== Segment start ==
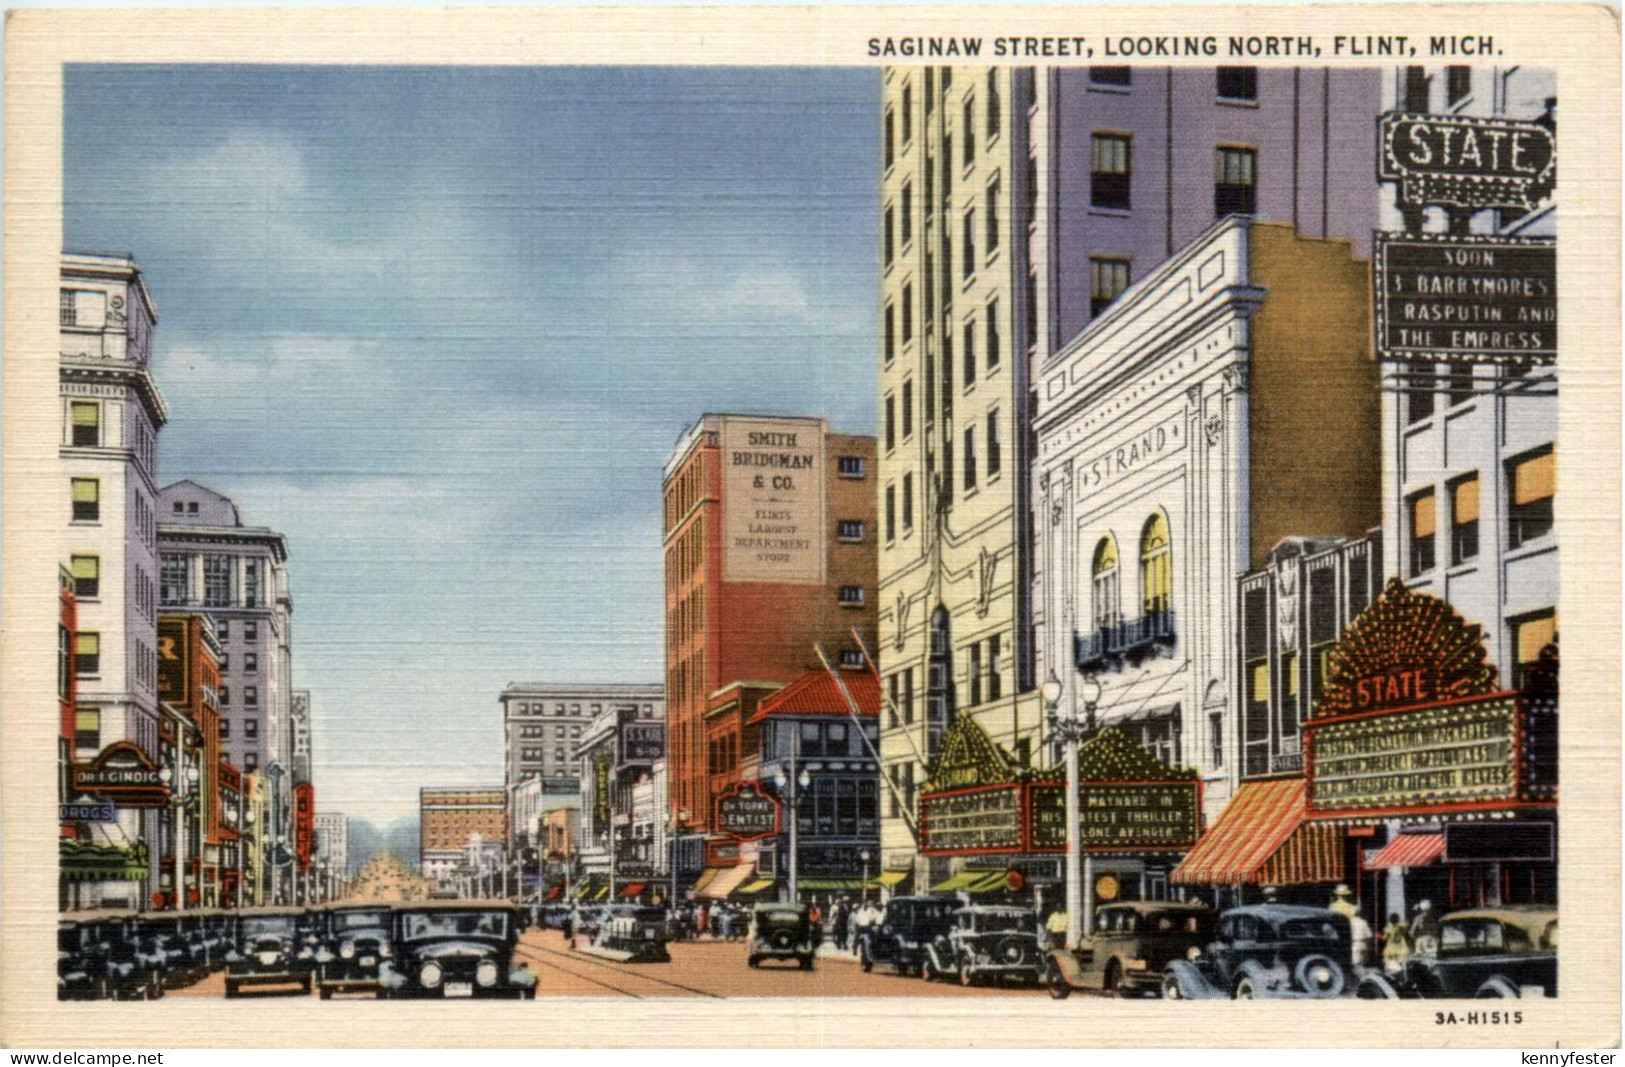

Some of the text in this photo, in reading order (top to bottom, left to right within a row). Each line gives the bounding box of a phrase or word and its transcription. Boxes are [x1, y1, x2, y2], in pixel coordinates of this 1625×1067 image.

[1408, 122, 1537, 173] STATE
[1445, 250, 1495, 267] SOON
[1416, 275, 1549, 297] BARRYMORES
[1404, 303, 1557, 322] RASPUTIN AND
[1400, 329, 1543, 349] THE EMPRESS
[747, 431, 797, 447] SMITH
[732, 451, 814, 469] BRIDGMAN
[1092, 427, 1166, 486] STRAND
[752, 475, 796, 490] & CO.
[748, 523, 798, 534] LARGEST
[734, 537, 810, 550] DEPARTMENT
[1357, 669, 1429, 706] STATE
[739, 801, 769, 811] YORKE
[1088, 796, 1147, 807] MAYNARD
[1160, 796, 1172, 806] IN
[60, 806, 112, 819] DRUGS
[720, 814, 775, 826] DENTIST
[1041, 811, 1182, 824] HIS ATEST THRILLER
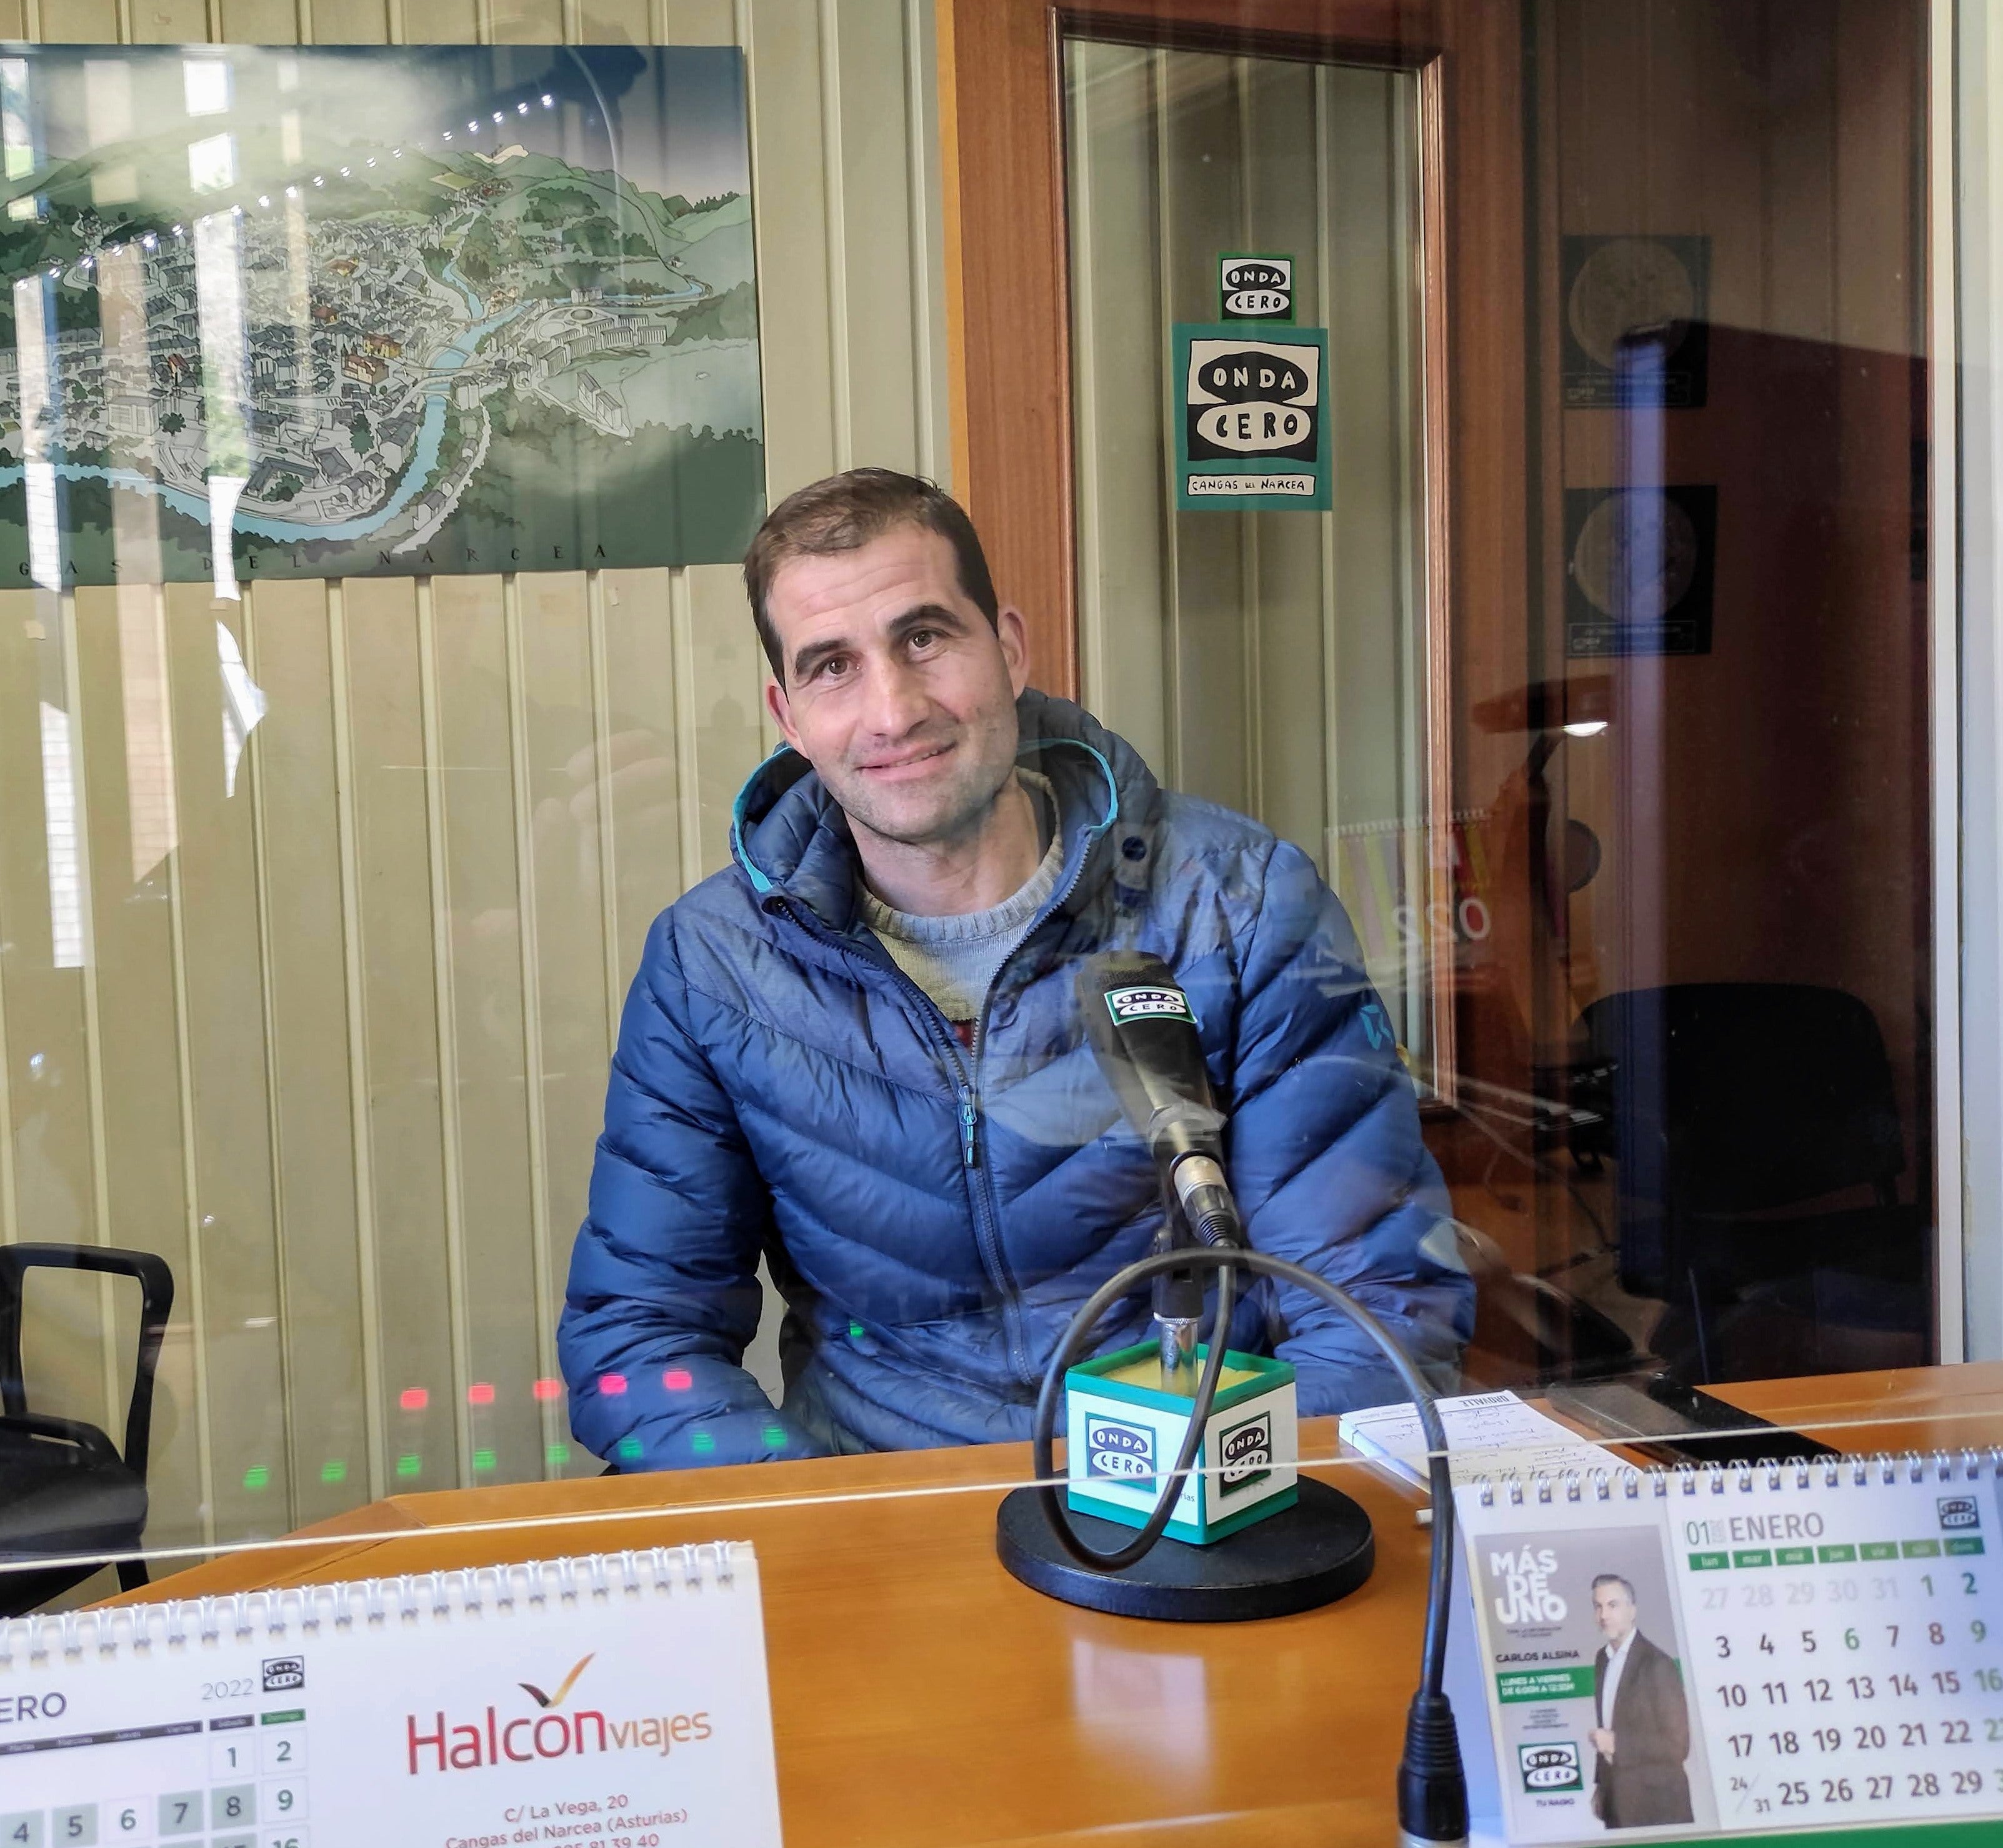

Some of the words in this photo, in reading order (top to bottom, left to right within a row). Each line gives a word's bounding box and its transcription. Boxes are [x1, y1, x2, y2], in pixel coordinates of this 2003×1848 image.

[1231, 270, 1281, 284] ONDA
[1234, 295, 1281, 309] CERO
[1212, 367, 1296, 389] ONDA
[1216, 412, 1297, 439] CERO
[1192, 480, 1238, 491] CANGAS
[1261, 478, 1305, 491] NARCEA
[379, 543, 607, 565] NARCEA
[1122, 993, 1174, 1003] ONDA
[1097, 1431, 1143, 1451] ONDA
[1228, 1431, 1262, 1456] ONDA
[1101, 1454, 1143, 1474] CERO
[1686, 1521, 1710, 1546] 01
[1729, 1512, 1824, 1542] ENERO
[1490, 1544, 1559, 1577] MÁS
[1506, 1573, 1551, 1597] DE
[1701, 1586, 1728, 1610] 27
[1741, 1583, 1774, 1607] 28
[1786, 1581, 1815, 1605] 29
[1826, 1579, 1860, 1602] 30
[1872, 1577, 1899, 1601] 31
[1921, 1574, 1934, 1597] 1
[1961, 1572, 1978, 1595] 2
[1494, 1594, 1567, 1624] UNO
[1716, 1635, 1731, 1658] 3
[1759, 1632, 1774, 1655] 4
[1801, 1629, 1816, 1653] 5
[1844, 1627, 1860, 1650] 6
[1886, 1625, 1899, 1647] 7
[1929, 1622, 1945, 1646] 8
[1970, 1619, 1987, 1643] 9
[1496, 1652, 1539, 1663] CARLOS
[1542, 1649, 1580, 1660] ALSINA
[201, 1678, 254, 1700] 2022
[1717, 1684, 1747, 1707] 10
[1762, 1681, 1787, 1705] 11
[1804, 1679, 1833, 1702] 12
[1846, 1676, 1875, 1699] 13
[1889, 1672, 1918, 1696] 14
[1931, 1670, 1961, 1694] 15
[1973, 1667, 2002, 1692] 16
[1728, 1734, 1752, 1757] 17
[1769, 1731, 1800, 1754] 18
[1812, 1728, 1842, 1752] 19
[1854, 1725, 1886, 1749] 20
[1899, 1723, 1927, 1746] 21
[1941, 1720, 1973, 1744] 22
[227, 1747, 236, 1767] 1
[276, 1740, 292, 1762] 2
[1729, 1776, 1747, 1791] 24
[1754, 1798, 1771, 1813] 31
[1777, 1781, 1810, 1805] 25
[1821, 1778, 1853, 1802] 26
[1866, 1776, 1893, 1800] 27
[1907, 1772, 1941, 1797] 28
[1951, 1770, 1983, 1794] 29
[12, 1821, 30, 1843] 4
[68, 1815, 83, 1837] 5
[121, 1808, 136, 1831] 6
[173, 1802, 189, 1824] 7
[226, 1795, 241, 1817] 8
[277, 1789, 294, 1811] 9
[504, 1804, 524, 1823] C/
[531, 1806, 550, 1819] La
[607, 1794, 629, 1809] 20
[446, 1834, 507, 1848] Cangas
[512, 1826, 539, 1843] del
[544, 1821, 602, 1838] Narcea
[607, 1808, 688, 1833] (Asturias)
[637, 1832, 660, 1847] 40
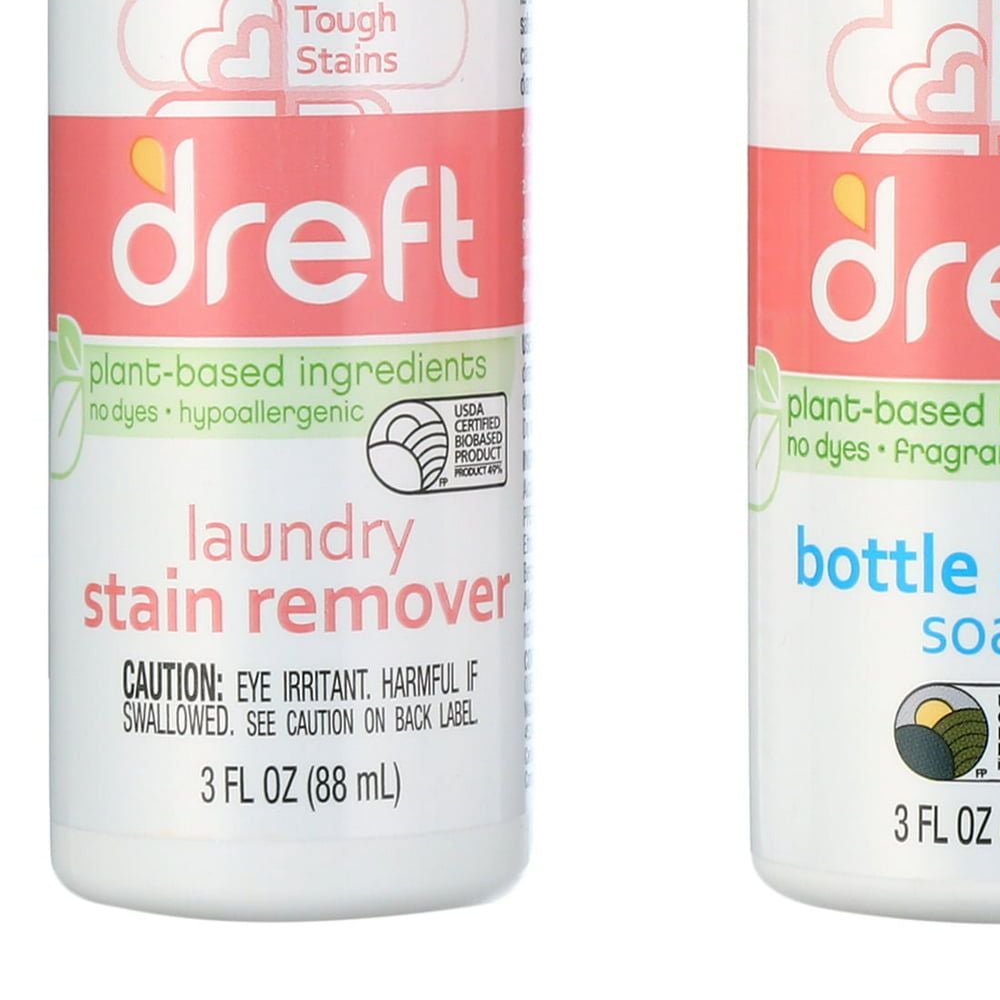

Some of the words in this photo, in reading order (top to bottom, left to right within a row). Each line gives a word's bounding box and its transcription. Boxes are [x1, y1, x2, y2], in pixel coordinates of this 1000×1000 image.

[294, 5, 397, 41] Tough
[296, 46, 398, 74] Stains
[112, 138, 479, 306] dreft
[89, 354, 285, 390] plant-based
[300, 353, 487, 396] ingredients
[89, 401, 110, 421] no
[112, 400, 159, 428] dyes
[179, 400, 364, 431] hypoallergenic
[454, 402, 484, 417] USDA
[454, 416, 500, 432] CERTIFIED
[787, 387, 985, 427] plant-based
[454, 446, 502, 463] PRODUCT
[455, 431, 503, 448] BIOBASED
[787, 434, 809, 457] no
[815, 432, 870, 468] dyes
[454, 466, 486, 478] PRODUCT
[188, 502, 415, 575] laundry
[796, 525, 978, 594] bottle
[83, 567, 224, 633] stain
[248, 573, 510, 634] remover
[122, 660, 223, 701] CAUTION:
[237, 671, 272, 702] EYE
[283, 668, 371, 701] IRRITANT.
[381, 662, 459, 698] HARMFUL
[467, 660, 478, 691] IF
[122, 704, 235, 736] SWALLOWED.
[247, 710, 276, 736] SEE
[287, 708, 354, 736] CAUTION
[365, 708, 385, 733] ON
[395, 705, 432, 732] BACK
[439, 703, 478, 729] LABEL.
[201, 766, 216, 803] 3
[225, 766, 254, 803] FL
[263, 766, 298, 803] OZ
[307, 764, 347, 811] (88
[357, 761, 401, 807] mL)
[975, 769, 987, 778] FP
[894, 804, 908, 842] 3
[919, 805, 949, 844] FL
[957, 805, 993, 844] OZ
== Segment end ==
WHAT YOU NEED TO DO =
Retype the records above exactly, pictures omitted.

EXERCISE ANSWER =
Some of the text in this photo, in reading order (top to bottom, left to right within a row). Each line gives the bounding box of a phrase or word and its transcription. Boxes are [x1, y1, x2, y2], in pixel coordinates of this 1625×1067 image.

[1408, 122, 1537, 173] STATE
[1445, 250, 1495, 267] SOON
[1416, 275, 1549, 297] BARRYMORES
[1404, 303, 1557, 322] RASPUTIN AND
[1400, 329, 1543, 349] THE EMPRESS
[747, 431, 797, 447] SMITH
[732, 451, 814, 469] BRIDGMAN
[1092, 427, 1166, 486] STRAND
[752, 475, 796, 490] & CO.
[748, 523, 798, 534] LARGEST
[734, 537, 810, 550] DEPARTMENT
[1357, 669, 1429, 706] STATE
[739, 801, 769, 811] YORKE
[1088, 796, 1147, 807] MAYNARD
[1160, 796, 1172, 806] IN
[60, 806, 112, 819] DRUGS
[720, 814, 775, 826] DENTIST
[1041, 811, 1182, 824] HIS ATEST THRILLER

Some of the words in this photo, in reading order (top to bottom, left to right within a row). Each line gives a word's bounding box and its transcription. Boxes are [x1, y1, x2, y2], in pixel coordinates of this 2003×1848 image.

[1231, 270, 1281, 284] ONDA
[1234, 295, 1281, 309] CERO
[1212, 367, 1296, 389] ONDA
[1216, 412, 1297, 439] CERO
[1192, 480, 1238, 491] CANGAS
[1261, 478, 1305, 491] NARCEA
[379, 543, 607, 565] NARCEA
[1122, 993, 1174, 1003] ONDA
[1097, 1431, 1143, 1451] ONDA
[1228, 1431, 1262, 1456] ONDA
[1101, 1454, 1143, 1474] CERO
[1686, 1521, 1710, 1546] 01
[1729, 1512, 1824, 1542] ENERO
[1490, 1544, 1559, 1577] MÁS
[1506, 1573, 1551, 1597] DE
[1701, 1586, 1728, 1610] 27
[1741, 1583, 1774, 1607] 28
[1786, 1581, 1815, 1605] 29
[1826, 1579, 1860, 1602] 30
[1872, 1577, 1899, 1601] 31
[1921, 1574, 1934, 1597] 1
[1961, 1572, 1978, 1595] 2
[1494, 1594, 1567, 1624] UNO
[1716, 1635, 1731, 1658] 3
[1759, 1632, 1774, 1655] 4
[1801, 1629, 1816, 1653] 5
[1844, 1627, 1860, 1650] 6
[1886, 1625, 1899, 1647] 7
[1929, 1622, 1945, 1646] 8
[1970, 1619, 1987, 1643] 9
[1496, 1652, 1539, 1663] CARLOS
[1542, 1649, 1580, 1660] ALSINA
[201, 1678, 254, 1700] 2022
[1717, 1684, 1747, 1707] 10
[1762, 1681, 1787, 1705] 11
[1804, 1679, 1833, 1702] 12
[1846, 1676, 1875, 1699] 13
[1889, 1672, 1918, 1696] 14
[1931, 1670, 1961, 1694] 15
[1973, 1667, 2002, 1692] 16
[1728, 1734, 1752, 1757] 17
[1769, 1731, 1800, 1754] 18
[1812, 1728, 1842, 1752] 19
[1854, 1725, 1886, 1749] 20
[1899, 1723, 1927, 1746] 21
[1941, 1720, 1973, 1744] 22
[227, 1747, 236, 1767] 1
[276, 1740, 292, 1762] 2
[1729, 1776, 1747, 1791] 24
[1754, 1798, 1771, 1813] 31
[1777, 1781, 1810, 1805] 25
[1821, 1778, 1853, 1802] 26
[1866, 1776, 1893, 1800] 27
[1907, 1772, 1941, 1797] 28
[1951, 1770, 1983, 1794] 29
[12, 1821, 30, 1843] 4
[68, 1815, 83, 1837] 5
[121, 1808, 136, 1831] 6
[173, 1802, 189, 1824] 7
[226, 1795, 241, 1817] 8
[277, 1789, 294, 1811] 9
[504, 1804, 524, 1823] C/
[531, 1806, 550, 1819] La
[607, 1794, 629, 1809] 20
[446, 1834, 507, 1848] Cangas
[512, 1826, 539, 1843] del
[544, 1821, 602, 1838] Narcea
[607, 1808, 688, 1833] (Asturias)
[637, 1832, 660, 1847] 40

Some of the words in this photo, in reading order (top to bottom, left to right within a row). Each line gives a word's bounding box and its transcription. Boxes are [x1, y1, x2, y2], in pixel coordinates of this 1000×1000 image.

[294, 5, 397, 41] Tough
[296, 46, 398, 74] Stains
[112, 138, 479, 306] dreft
[89, 354, 285, 390] plant-based
[300, 353, 487, 396] ingredients
[89, 401, 110, 421] no
[112, 400, 159, 428] dyes
[179, 400, 364, 431] hypoallergenic
[454, 402, 484, 417] USDA
[454, 416, 500, 432] CERTIFIED
[787, 387, 985, 427] plant-based
[454, 446, 502, 463] PRODUCT
[455, 431, 503, 448] BIOBASED
[787, 434, 809, 457] no
[815, 432, 870, 468] dyes
[454, 466, 486, 478] PRODUCT
[188, 502, 415, 575] laundry
[796, 525, 978, 594] bottle
[83, 567, 224, 633] stain
[248, 573, 510, 634] remover
[122, 660, 223, 701] CAUTION:
[237, 671, 272, 702] EYE
[283, 668, 371, 701] IRRITANT.
[381, 662, 459, 698] HARMFUL
[467, 660, 478, 691] IF
[122, 704, 235, 736] SWALLOWED.
[247, 710, 276, 736] SEE
[287, 708, 354, 736] CAUTION
[365, 708, 385, 733] ON
[395, 705, 432, 732] BACK
[439, 703, 478, 729] LABEL.
[201, 766, 216, 803] 3
[225, 766, 254, 803] FL
[263, 766, 298, 803] OZ
[307, 764, 347, 811] (88
[357, 761, 401, 807] mL)
[975, 769, 987, 778] FP
[894, 804, 908, 842] 3
[919, 805, 949, 844] FL
[957, 805, 993, 844] OZ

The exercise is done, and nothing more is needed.